At least five people were killed and two wounded in two separate explosions in Sharqat, Saladin province over the weekend, officials confirmed. The Islamic State group (ISIS) has claimed both attacks.
The first blast struck on Friday when “five farmers went out to harvest their wheat and barley crops in their fields on the road that leads to Mosul, about 25 kilometre away from Shargat”, Saad Dhahir al-Qaisi, deputy governor of Saladin, told Rudaw Saturday.
He blamed the attacks on ISIS remnants in the region, which also “burned the farmers’ combine harvesters”.
In a video statement posted on Facebook, Ali al-Duduh, the mayor of Sharqat, also confirmed the death of four farmers and the injury of one other, and the burning of agricultural equipment.
This was followed on Saturday when suspected ISIS militants in Shwish “targeted a vehicle which belonged to Hashd al-Ashayiri’s 51th Brigade, resulting in the death of one and injury of another”, al-Qaisi said.
The incident occurred on the main Mosul road between Al-Siniya and Hadathya, the deputy governor added.
In a post on messaging app Telegram, ISIS claimed it had killed five Hashd fighters in the twin attacks.
The Sunni tribal forces known as Hashd al-Ahsairi are mostly found in Anbar, Nineveh, and Saladin provinces.

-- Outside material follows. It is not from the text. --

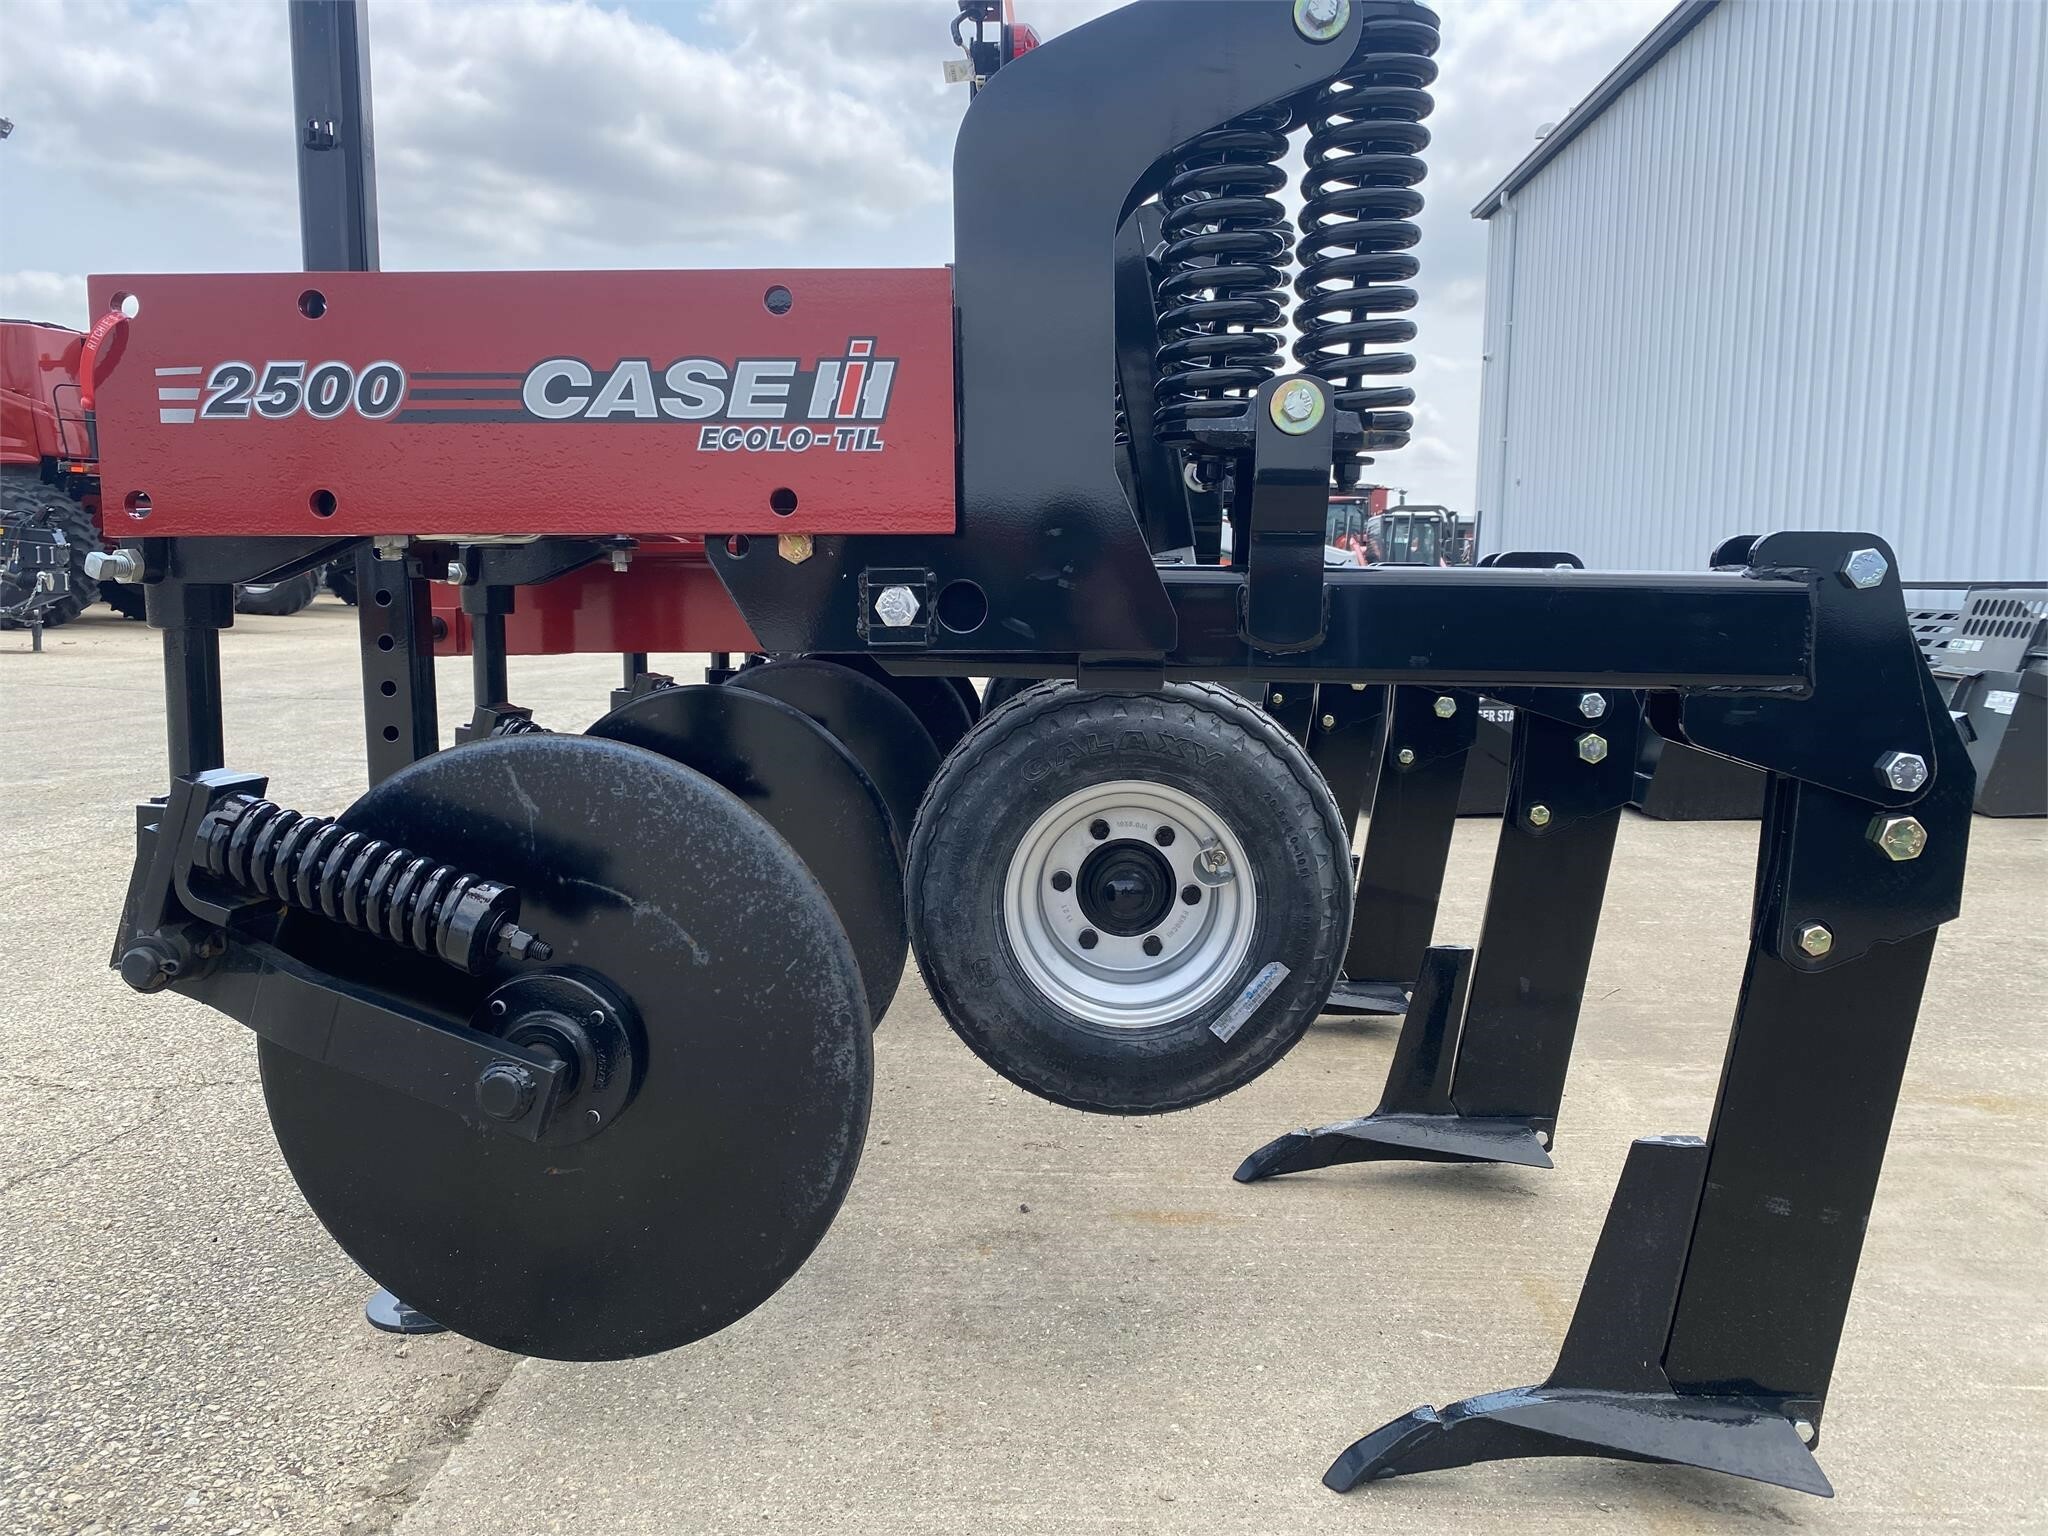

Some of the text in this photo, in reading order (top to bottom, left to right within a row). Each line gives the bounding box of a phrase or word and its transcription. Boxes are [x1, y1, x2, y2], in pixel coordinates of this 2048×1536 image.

[200, 361, 405, 420] 2500
[522, 358, 797, 420] CASE
[697, 426, 884, 452] ECOLO-TIL
[1021, 729, 1226, 782] GALAXY

They technically fall under the command of the primarily Shiite Hashd al-Shaabi and are part of the Popular Mobilization Forces (PMF).
“The security situation of Saladin is not stable and we call on relevant authorities to provide security to farmers,” al-Qaisi said.

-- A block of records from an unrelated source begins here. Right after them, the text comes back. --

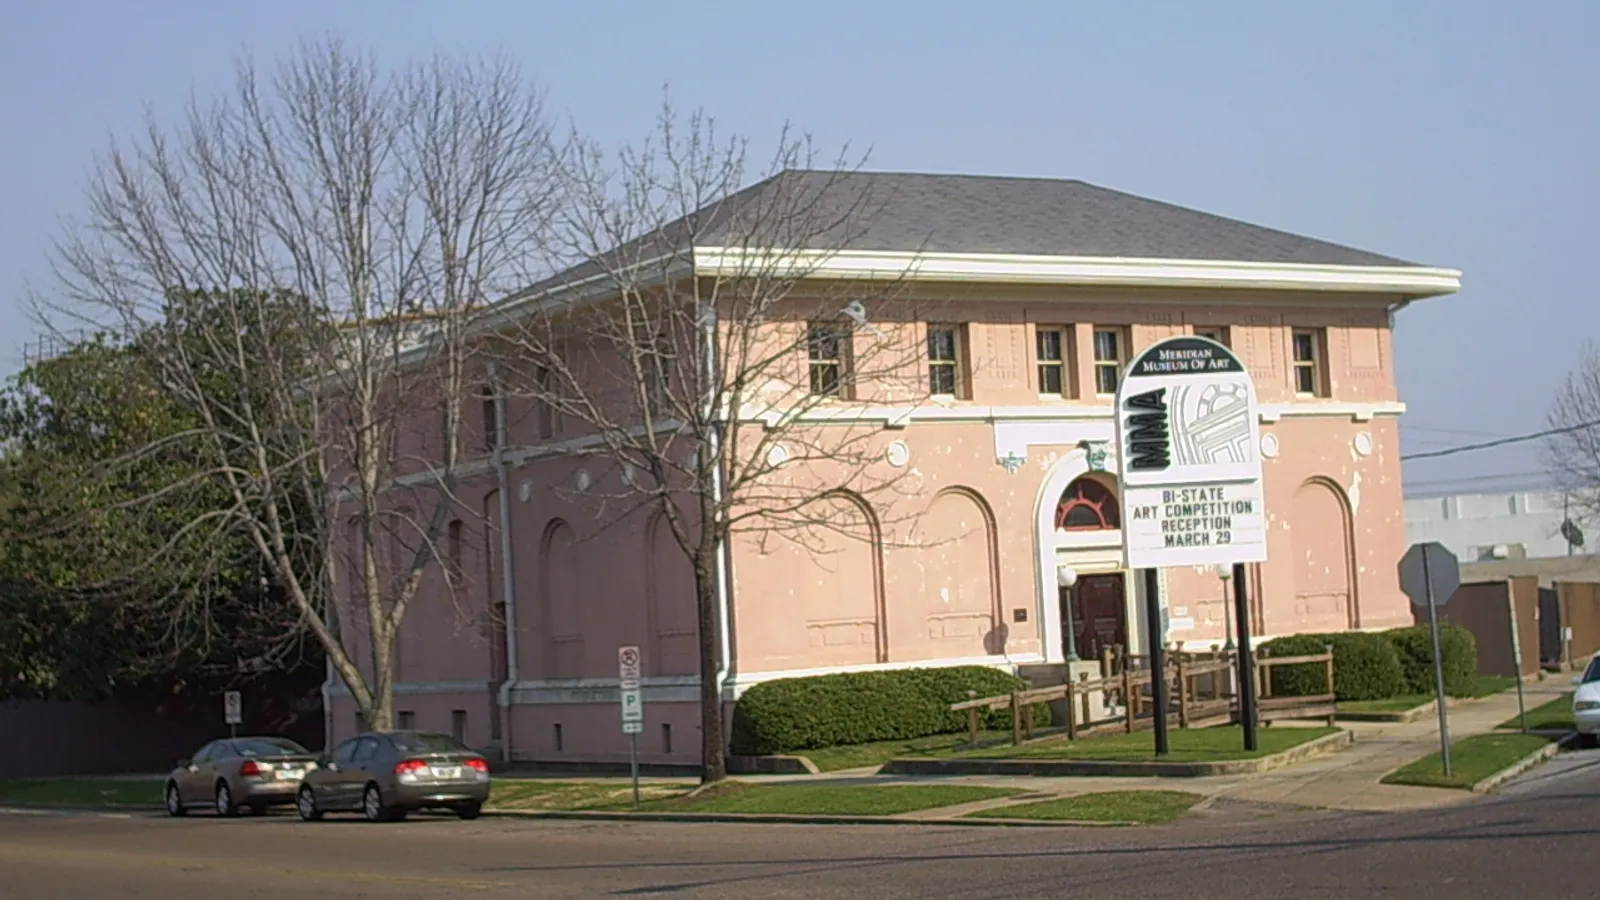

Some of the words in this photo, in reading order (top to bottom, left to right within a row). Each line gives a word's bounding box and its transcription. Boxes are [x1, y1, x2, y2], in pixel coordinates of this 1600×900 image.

[1159, 348, 1213, 360] MERIDIAN
[1142, 360, 1188, 372] MUSEUM
[1208, 358, 1230, 370] ART
[1123, 386, 1171, 473] MMA
[1162, 487, 1224, 503] BI-STATE
[1133, 505, 1158, 520] ART
[1165, 500, 1253, 518] COMPETITION
[1161, 516, 1232, 532] RECEPTION
[1164, 532, 1210, 548] MARCH
[1216, 531, 1232, 545] 29
[626, 694, 636, 706] P
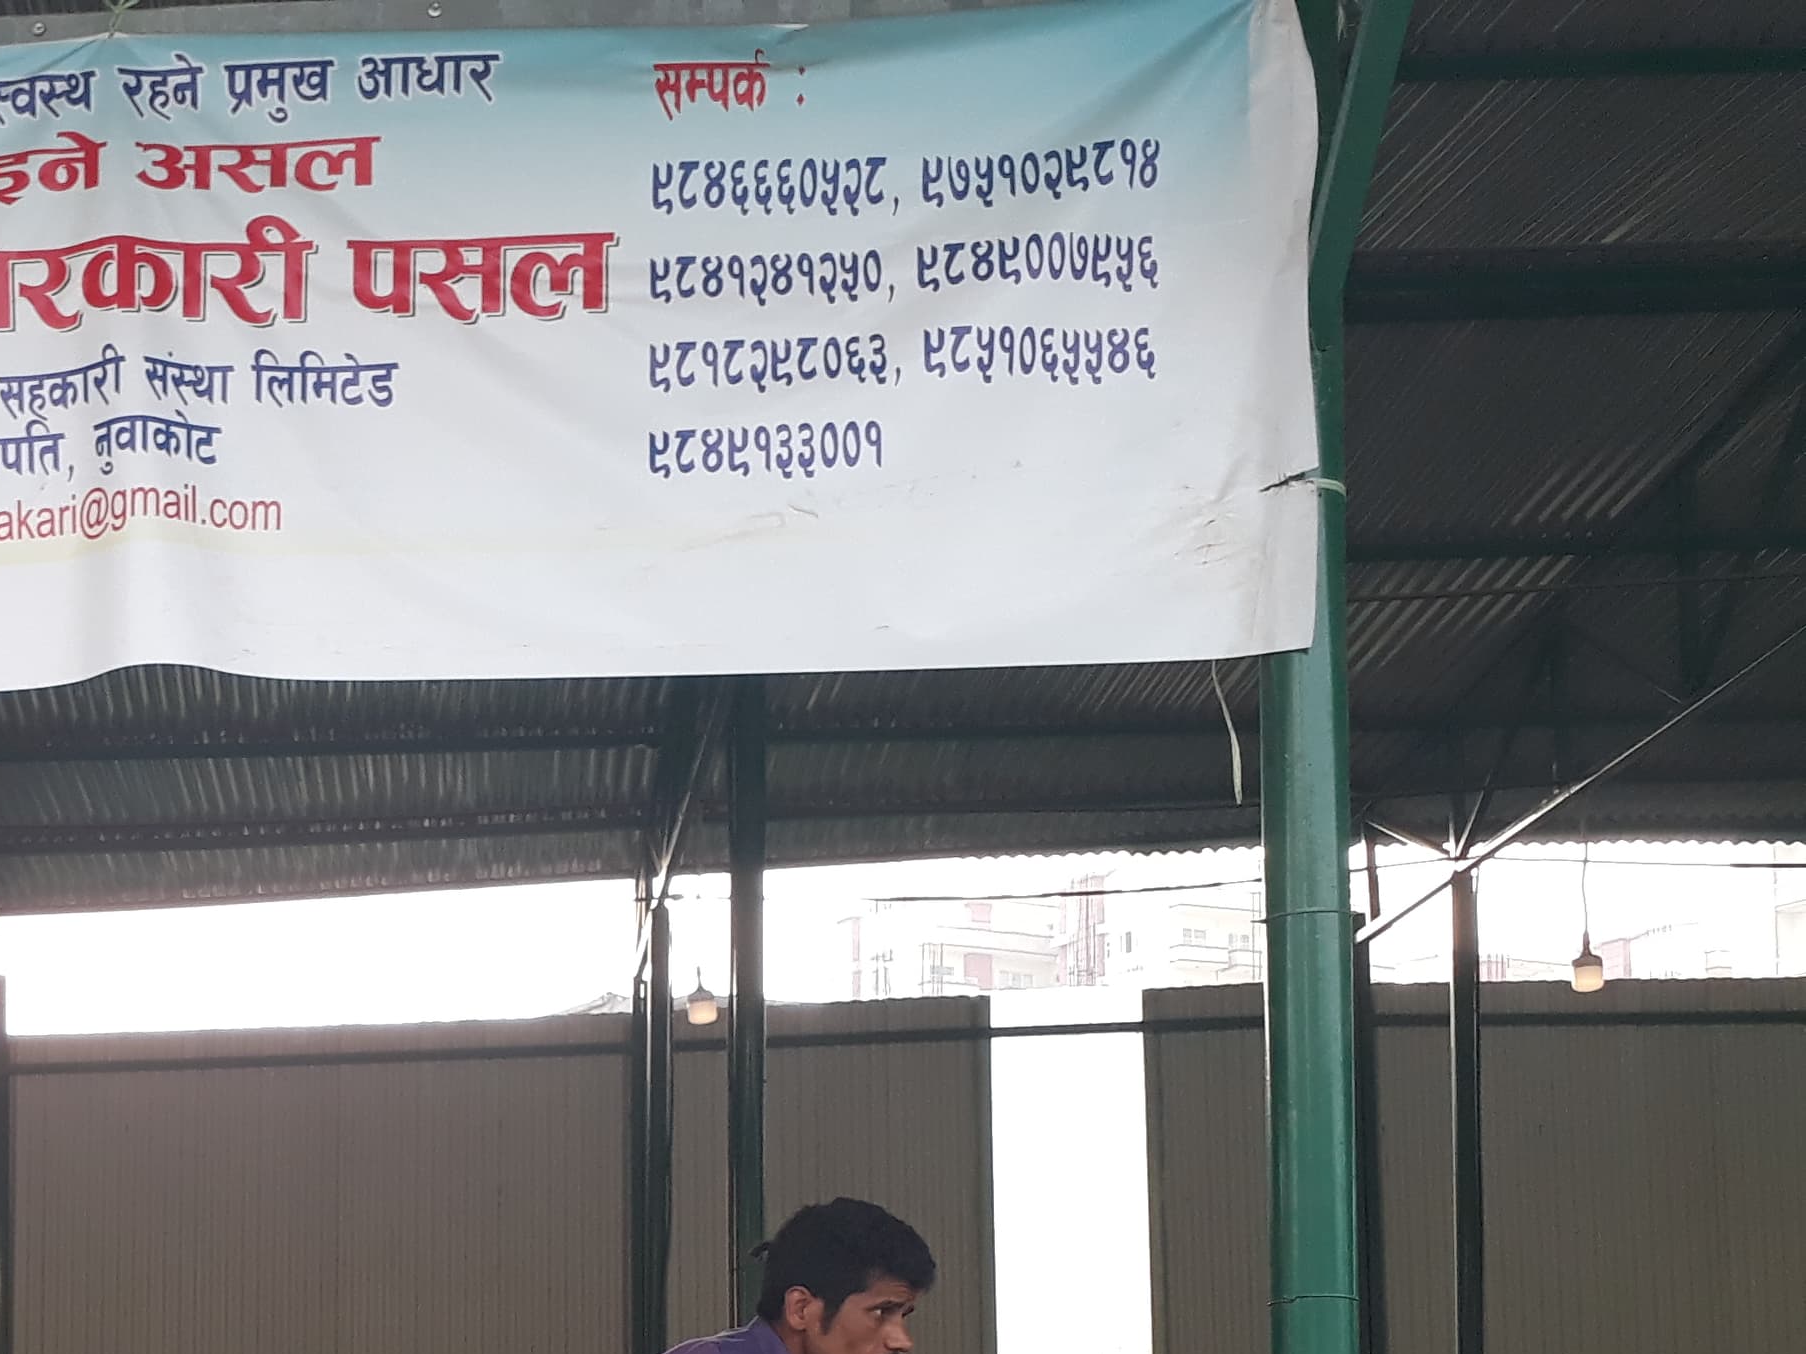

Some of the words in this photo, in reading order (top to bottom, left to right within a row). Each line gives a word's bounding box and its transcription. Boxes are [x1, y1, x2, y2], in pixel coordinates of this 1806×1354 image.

[117, 54, 203, 121] रहने
[224, 58, 333, 122] प्रमुख
[358, 53, 500, 101] आधार
[653, 48, 770, 120] सम्पर्क
[136, 136, 382, 194] असल
[347, 232, 618, 324] पसल
[143, 351, 234, 407] संस्था
[251, 348, 399, 407] लिमिटेड
[94, 410, 222, 475] नुवाकोट

He criticized the Iraqi armed forces for their inaction and for not responding.
ISIS has claimed responsibility for several of the recent farmland fires across the country.
Within the span of one week, more than 600 dunams of wheat crop in Khanaqin, Qaratapa, Jabara and the plains of Qamishalan have been burned in the disputed or Kurdistani areas claimed by both Erbil and Baghdad in Iraq’s Diyala province.
Since October 16, 2017, when Iraqi forces pushed the Peshmerga out of the disputed territories, 87 civilians, Iraqi soldiers, and police officers have been killed, while 42 more have been injured in Diyala province alone, according to the Garmaser commander, which includes Garmiyan, Khanaqin, and Jalawla (Gulala).
Although the jihadist group was declared defeated in Iraq in December 2017, its remnants have retreated into Iraq’s deserts and mountains where they have resumed earlier tactics of hit-and-run, kidnap, ambush, bombing, and execution.
At least three ISIS militants were killed on Thursday in a joint operation launched by Peshmerga and French military forces on the fringes of the Kurdistan Region and Iraq, outside disputed Tuz Khurmatu in Diyala, according to local and Peshmerga sources.
The uptick in ISIS activity in the disputed territories has led to fears of a new insurgency in Iraq.